▶ _DATA UNDER STUDY_
__________
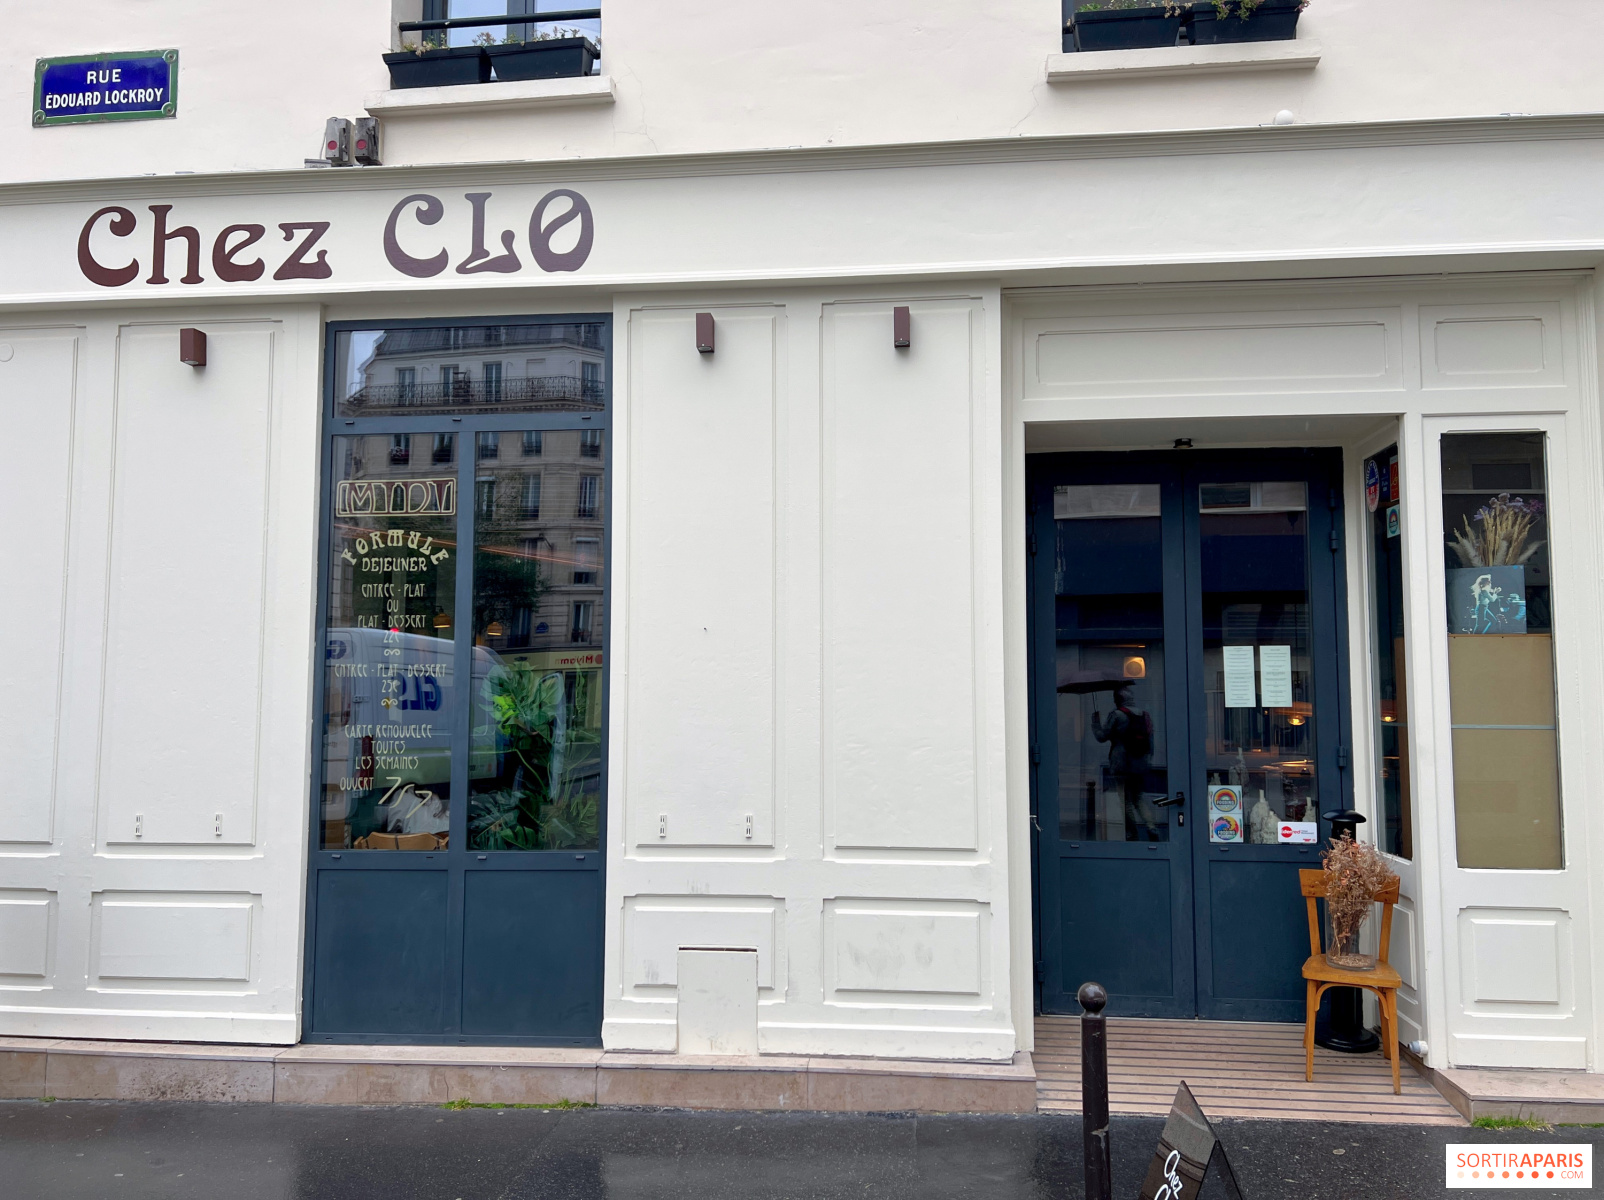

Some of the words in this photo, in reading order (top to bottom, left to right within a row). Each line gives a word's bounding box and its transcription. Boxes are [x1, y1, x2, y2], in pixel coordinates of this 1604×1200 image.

[86, 69, 122, 84] RUE
[45, 92, 101, 109] ÉDOUARD
[104, 87, 164, 104] LOCKROY
[77, 204, 333, 287] Chez
[383, 188, 595, 278] CLO
[345, 481, 450, 514] MIDI
[340, 529, 449, 566] FORMULE
[361, 556, 428, 574] DEJEUNER
[403, 583, 426, 598] PLAT
[386, 599, 399, 613] OU
[357, 614, 379, 628] PLAT
[388, 614, 426, 628] DESSERT
[377, 663, 398, 677] PLAT
[407, 663, 447, 678] DESSERT
[344, 724, 373, 738] CARTE
[371, 740, 406, 754] TOUTES
[355, 756, 372, 769] LES
[375, 756, 419, 769] SEMAINES
[339, 777, 374, 791] OUVERT
[1163, 1149, 1184, 1200] Chez
__________
Exactly as they stand, set down all of the entries above, minus every picture.

▶ _SOLUTION TO THIS PROBLEM_
Some of the words in this photo, in reading order (top to bottom, left to right within a row). Each line gives a word's bounding box and its transcription. Boxes are [x1, y1, x2, y2], in pixel coordinates of this 1604×1200 image.

[86, 69, 122, 84] RUE
[45, 92, 101, 109] ÉDOUARD
[104, 87, 164, 104] LOCKROY
[77, 204, 333, 287] Chez
[383, 188, 595, 278] CLO
[345, 481, 450, 514] MIDI
[340, 529, 449, 566] FORMULE
[361, 556, 428, 574] DEJEUNER
[403, 583, 426, 598] PLAT
[386, 599, 399, 613] OU
[357, 614, 379, 628] PLAT
[388, 614, 426, 628] DESSERT
[377, 663, 398, 677] PLAT
[407, 663, 447, 678] DESSERT
[344, 724, 373, 738] CARTE
[371, 740, 406, 754] TOUTES
[355, 756, 372, 769] LES
[375, 756, 419, 769] SEMAINES
[339, 777, 374, 791] OUVERT
[1163, 1149, 1184, 1200] Chez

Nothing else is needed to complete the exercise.